--- START ---

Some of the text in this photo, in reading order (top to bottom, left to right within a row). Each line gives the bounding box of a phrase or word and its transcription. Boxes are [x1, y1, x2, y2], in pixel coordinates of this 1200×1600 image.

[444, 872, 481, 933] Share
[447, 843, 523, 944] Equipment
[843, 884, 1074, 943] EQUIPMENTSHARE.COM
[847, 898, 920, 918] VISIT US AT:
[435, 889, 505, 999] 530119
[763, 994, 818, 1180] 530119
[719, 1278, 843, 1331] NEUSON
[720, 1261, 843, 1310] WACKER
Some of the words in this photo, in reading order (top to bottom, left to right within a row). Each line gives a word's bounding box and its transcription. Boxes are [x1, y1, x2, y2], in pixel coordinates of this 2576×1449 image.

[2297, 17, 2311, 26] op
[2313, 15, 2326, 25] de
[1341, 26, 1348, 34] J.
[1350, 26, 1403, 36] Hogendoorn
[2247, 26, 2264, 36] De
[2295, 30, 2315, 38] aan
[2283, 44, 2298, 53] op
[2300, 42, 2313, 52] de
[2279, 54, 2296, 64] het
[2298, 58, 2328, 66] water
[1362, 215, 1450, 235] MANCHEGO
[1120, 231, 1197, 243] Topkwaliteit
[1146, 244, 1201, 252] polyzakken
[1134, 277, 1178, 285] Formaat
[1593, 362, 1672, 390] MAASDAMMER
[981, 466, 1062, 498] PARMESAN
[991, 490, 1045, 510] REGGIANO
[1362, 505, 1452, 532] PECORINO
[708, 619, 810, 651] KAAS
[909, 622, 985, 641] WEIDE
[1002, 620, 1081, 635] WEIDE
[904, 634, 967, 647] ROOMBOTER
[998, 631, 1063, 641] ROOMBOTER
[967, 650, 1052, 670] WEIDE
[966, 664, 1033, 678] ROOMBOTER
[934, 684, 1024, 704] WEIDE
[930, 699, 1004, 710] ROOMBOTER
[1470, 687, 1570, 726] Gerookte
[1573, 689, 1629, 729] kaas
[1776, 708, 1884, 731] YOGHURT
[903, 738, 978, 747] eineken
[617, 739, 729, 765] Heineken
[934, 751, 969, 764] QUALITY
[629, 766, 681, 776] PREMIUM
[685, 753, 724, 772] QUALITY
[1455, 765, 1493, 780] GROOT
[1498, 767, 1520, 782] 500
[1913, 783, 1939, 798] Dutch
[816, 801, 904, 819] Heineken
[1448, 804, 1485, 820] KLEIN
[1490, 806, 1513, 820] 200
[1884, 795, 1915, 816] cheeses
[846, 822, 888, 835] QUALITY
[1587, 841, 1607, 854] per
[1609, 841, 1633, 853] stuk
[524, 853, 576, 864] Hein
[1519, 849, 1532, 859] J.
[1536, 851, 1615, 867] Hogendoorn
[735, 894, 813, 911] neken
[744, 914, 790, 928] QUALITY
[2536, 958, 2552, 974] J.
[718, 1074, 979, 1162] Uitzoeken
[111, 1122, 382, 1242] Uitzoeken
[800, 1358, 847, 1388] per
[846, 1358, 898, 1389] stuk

--- END ---

Exercise >>
In full and without alteration, transcribe the entries above.

Answer for this exercise >>
Some of the text in this photo, in reading order (top to bottom, left to right within a row). Each line gives the bounding box of a phrase or word and its transcription. Boxes are [x1, y1, x2, y2], in pixel coordinates of this 1200×1600 image.

[444, 872, 481, 933] Share
[447, 843, 523, 944] Equipment
[843, 884, 1074, 943] EQUIPMENTSHARE.COM
[847, 898, 920, 918] VISIT US AT:
[435, 889, 505, 999] 530119
[763, 994, 818, 1180] 530119
[719, 1278, 843, 1331] NEUSON
[720, 1261, 843, 1310] WACKER
Some of the words in this photo, in reading order (top to bottom, left to right within a row). Each line gives a word's bounding box and its transcription. Boxes are [x1, y1, x2, y2], in pixel coordinates of this 2576×1449 image.

[2297, 17, 2311, 26] op
[2313, 15, 2326, 25] de
[1341, 26, 1348, 34] J.
[1350, 26, 1403, 36] Hogendoorn
[2247, 26, 2264, 36] De
[2295, 30, 2315, 38] aan
[2283, 44, 2298, 53] op
[2300, 42, 2313, 52] de
[2279, 54, 2296, 64] het
[2298, 58, 2328, 66] water
[1362, 215, 1450, 235] MANCHEGO
[1120, 231, 1197, 243] Topkwaliteit
[1146, 244, 1201, 252] polyzakken
[1134, 277, 1178, 285] Formaat
[1593, 362, 1672, 390] MAASDAMMER
[981, 466, 1062, 498] PARMESAN
[991, 490, 1045, 510] REGGIANO
[1362, 505, 1452, 532] PECORINO
[708, 619, 810, 651] KAAS
[909, 622, 985, 641] WEIDE
[1002, 620, 1081, 635] WEIDE
[904, 634, 967, 647] ROOMBOTER
[998, 631, 1063, 641] ROOMBOTER
[967, 650, 1052, 670] WEIDE
[966, 664, 1033, 678] ROOMBOTER
[934, 684, 1024, 704] WEIDE
[930, 699, 1004, 710] ROOMBOTER
[1470, 687, 1570, 726] Gerookte
[1573, 689, 1629, 729] kaas
[1776, 708, 1884, 731] YOGHURT
[903, 738, 978, 747] eineken
[617, 739, 729, 765] Heineken
[934, 751, 969, 764] QUALITY
[629, 766, 681, 776] PREMIUM
[685, 753, 724, 772] QUALITY
[1455, 765, 1493, 780] GROOT
[1498, 767, 1520, 782] 500
[1913, 783, 1939, 798] Dutch
[816, 801, 904, 819] Heineken
[1448, 804, 1485, 820] KLEIN
[1490, 806, 1513, 820] 200
[1884, 795, 1915, 816] cheeses
[846, 822, 888, 835] QUALITY
[1587, 841, 1607, 854] per
[1609, 841, 1633, 853] stuk
[524, 853, 576, 864] Hein
[1519, 849, 1532, 859] J.
[1536, 851, 1615, 867] Hogendoorn
[735, 894, 813, 911] neken
[744, 914, 790, 928] QUALITY
[2536, 958, 2552, 974] J.
[718, 1074, 979, 1162] Uitzoeken
[111, 1122, 382, 1242] Uitzoeken
[800, 1358, 847, 1388] per
[846, 1358, 898, 1389] stuk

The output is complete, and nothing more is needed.